Para alunos e pais, que têm trocado mensagens diárias em grupos de WhatsApp, o texto mostraria que a escola estaria tentando “se adequar a um modelo empresarial de educação”, contrariando a proposta do colégio. Após uma reunião de cerca de 75 pessoas com a direção, na última quarta-feira, o texto foi retirado do site.

A movimentação dos jovens , que criaram uma página no Instagram, arregimentando 550 seguidores em poucas horas, vem ganhando repercussão e apoio. Ontem, o ex-deputado federal Chico Alencar foi à porta do São Vicente conversar com os estudantes. Professor de história do colégio no começo da década de 1980, ele saiu da escola em solidariedade aos demitidos em 1983. E ressaltou a importância da mobilização atual.

—Vocês (os alunos) são exemplo para todos nós. Vir, durante as férias, para lutar pela educação de jovens e adultos é motivo de orgulho — disse.

Em 1983, demissão em massa de profissionais levou alunos a uma vigília, com acampamento na escola Foto: Terceiro / Agência O Globo
Em 1983, demissão em massa de profissionais levou alunos a uma vigília, com acampamento na escola Foto: Terceiro / Agência O Globo

O movimento recebeu apoio de famosos, como sociólogo Jessé Souza. Luiz Eduardo Soares, antropólogo e especialista em segurança pública, que tem um neto que estuda no colégio, lamentou, em um vídeo nas redes sociais, a perda da liberdade.

Em nota enviada aos pais, o colégio disse que os desligamentos afetaram “5% do total do quadro de 205 educadores”. Em reunião com os pais, a direção do São Vicente afirmou que as demissões não seriam revistas, com exceção do caso de dois profissionais, que estariam às vésperas da aposentadoria. Em relação ao fim do EJA, a escola manteve a sua posição, mas disse que daria início a outro projeto social, com crianças, na Baixada Fluminense. Procurada pelo GLOBO, a direção do Colégio São Vicente ainda não se pronunciou. Informaram que seria realizada uma reunião no fim da tarde desta sexta-feira e, somente após isso, divulgariam uma nota.

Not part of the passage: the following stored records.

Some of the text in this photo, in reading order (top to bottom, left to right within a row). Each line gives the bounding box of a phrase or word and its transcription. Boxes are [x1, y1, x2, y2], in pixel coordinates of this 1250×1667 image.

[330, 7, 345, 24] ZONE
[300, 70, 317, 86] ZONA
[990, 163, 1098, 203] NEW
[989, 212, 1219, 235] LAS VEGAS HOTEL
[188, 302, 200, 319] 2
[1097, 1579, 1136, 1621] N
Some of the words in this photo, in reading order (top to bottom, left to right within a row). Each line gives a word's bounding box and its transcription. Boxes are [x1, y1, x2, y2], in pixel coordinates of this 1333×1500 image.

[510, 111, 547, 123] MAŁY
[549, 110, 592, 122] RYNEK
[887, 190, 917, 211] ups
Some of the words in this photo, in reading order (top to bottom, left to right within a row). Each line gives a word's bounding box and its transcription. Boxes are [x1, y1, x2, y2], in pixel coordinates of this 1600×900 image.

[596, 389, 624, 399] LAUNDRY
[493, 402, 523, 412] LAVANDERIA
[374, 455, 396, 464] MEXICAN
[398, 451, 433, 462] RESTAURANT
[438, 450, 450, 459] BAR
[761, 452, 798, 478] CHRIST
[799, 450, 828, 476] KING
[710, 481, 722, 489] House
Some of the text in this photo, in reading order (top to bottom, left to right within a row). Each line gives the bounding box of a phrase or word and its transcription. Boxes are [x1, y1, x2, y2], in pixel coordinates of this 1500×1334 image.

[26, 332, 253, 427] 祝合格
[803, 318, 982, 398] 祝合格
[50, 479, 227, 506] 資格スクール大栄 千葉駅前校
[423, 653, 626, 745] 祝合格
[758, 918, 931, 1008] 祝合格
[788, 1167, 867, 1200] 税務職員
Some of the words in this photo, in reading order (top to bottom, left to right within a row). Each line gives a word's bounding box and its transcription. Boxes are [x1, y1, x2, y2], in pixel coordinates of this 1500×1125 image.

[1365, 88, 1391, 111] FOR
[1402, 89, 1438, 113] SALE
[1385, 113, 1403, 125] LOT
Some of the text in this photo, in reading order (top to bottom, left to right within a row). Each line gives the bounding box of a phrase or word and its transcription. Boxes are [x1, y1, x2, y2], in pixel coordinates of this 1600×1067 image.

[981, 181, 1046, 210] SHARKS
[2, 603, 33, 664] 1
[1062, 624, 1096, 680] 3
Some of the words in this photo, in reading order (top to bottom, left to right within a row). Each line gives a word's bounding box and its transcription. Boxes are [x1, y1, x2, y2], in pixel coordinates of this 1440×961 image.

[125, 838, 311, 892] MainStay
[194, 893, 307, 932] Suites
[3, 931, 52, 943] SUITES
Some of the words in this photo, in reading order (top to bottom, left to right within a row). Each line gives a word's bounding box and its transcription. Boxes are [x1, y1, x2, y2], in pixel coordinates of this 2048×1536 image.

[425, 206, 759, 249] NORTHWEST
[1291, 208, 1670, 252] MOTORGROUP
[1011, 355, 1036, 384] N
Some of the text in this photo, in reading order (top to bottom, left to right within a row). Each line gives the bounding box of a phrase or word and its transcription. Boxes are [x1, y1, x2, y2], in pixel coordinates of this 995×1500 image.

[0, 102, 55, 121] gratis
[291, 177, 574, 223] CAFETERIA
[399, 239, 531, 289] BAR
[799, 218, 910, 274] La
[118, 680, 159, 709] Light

A Associação de Pais e Mestres (APM) soltou comunicado nesta sexta-feira em que ressaltam que "a direção da escola permanece em diálogo com a associação e com outros membros da comunidade vicentina, o que expressa a importância desse espaço de diálogo como princípio fundamental do projeto do CSVP".

Há três anos, alunas fizeram "sutiãzaço" como protesto

Engajados, os alunos já tinham entrado em rota de colisão com o colégio há três anos. Inconformadas com o fato de uma estudante do ensino médio ter sido levada à coordenação por ir à aula sem sutiã, alunas resolveram fazer um “sutiãzaço” dentro da escola. As meninas, todas a partir do 9º ano do ensino fundamental, e lideradas pelo Coletivo Femininja, criado na própria instituição, retiraram as peças e penduraram num varal, improvisado no meio do pátio.

“Demos um toque porque ela estava vindo com blusas transparentes e isso incomodou alguns alunos e profissionais. Não temos um código de vestimenta para o ensino médio para que os estudantes se manifestem de forma livre, mas temos que zelar por eles. Foi pela segurança dela, que está exposta na rua, não só dentro do colégio”, afirmou à época Laura Régent, então coordenadora comunitária.